Rend l’arrêt que voici, adopté à cette date :

PROCÉDURE

1.  À l’origine de l’affaire se trouvent des requêtes dirigées contre l’Italie et dont la Cour a été saisie en vertu de l’article 34 de la Convention de sauvegarde des droits de l’homme et des libertés fondamentales (« la Convention ») aux différentes dates indiquées dans le tableau joint en annexe.

2.  Les requêtes ont été communiquées au gouvernement italien (« le Gouvernement »).

EN FAIT

3.  La liste des requérants et les précisions pertinentes sur les requêtes figurent dans le tableau joint en annexe.

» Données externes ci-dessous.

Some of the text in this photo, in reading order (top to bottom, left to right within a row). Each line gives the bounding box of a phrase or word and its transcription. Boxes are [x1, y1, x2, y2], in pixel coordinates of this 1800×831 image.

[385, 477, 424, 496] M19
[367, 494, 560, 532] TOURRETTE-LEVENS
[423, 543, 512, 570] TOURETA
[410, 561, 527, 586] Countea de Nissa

4.  Au cours de la procédure, la requérante Mme Martine Terlin (requête no 41581/23) est décédée. Ses héritiers (voir le tableau en annexe) ont exprimé leur souhait de maintenir la requête.

5.  Les requérants se plaignent de l’inexécution ou de l’exécution tardive de décisions de justice internes de la part de municipalités en cessation de paiements (comuni in dissesto) et de l’impossibilité d’entamer des procédures afin d’obtenir l’exécution desdites décisions en vertu du décret législatif no 267 de 2000.

EN DROIT

  1. SUR LA JONCTION DES REQUÊTES

6.  Compte tenu de la similitude des requêtes, la Cour estime approprié de les examiner conjointement en un seul arrêt.

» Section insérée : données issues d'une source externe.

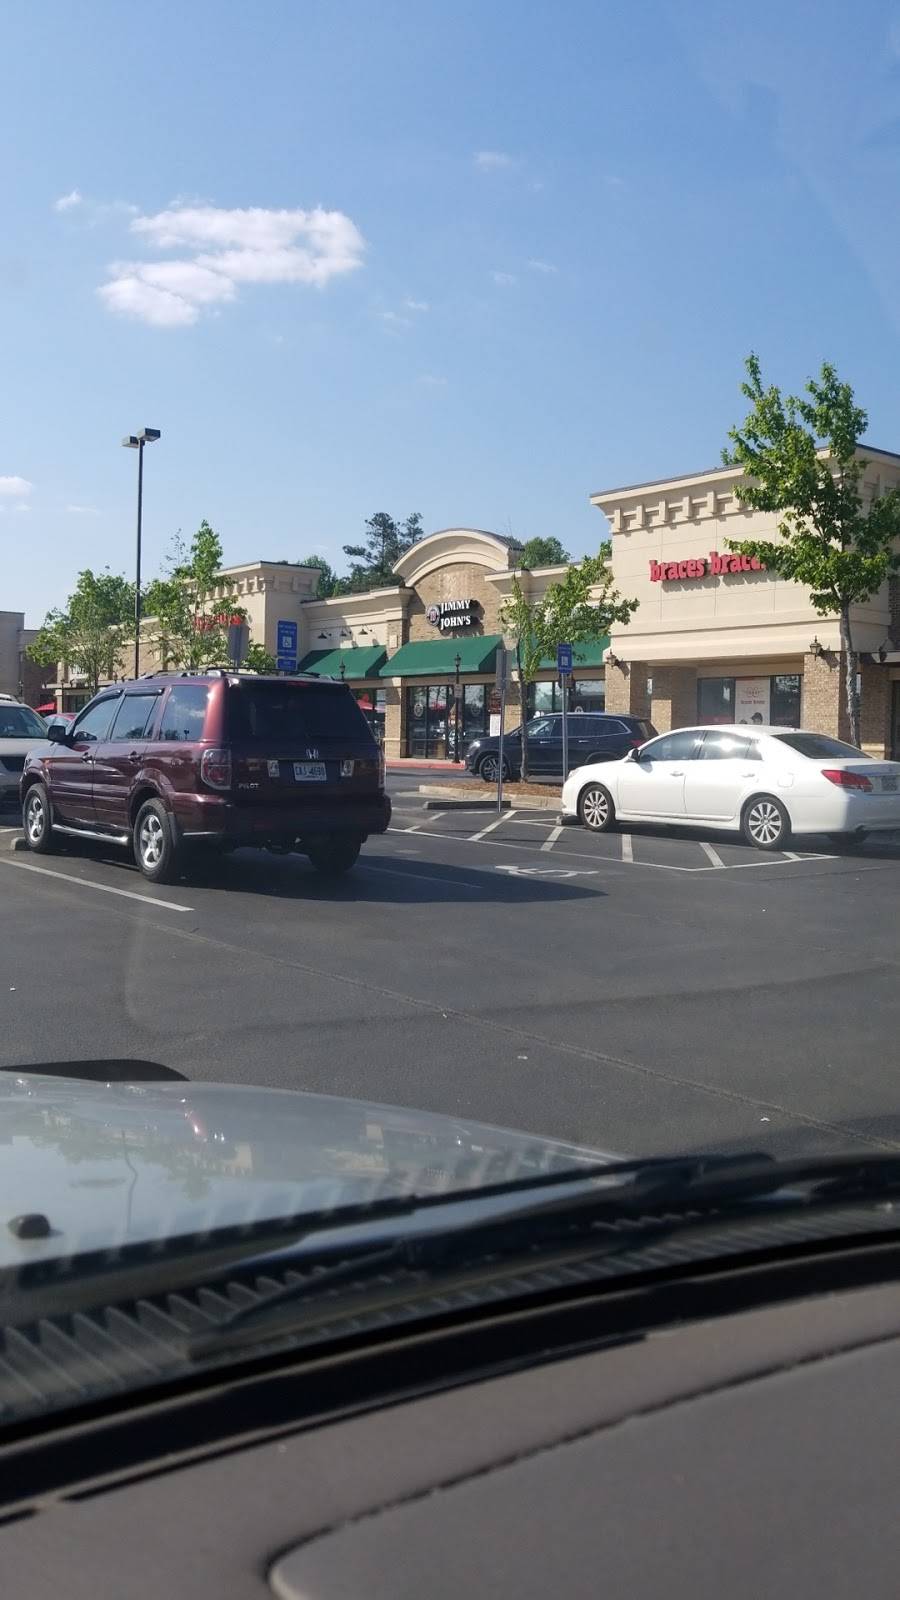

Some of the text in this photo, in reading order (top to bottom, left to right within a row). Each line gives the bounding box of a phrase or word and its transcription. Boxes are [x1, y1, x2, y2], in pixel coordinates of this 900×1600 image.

[649, 559, 705, 582] braces
[440, 599, 471, 615] JIMMY
[440, 615, 471, 631] JOHN'S

  1. SUR LA QUALITÉ DES HÉRITIERS POUR AGIR DEVANT LA COUR

7.  La Cour note que les héritiers de la requérante Mme Martine Terlin (voir tableau en annexe) souhaitent maintenir la requête et que le Gouvernement ne s’y oppose pas. Eu égard aux liens familiaux et juridiques des intéressés avec la requérante et à leur intérêt légitime de poursuivre la procédure, la Cour accepte qu’ils poursuivent la requête (Janowiec et autres c. Russie [GC], nos 55508/07 et 29520/09, § 101, CEDH 2013). Pour des raisons d’ordre pratique, le présent arrêt continuera d’utiliser le terme « requérante » pour désigner Mme Martine Terlin.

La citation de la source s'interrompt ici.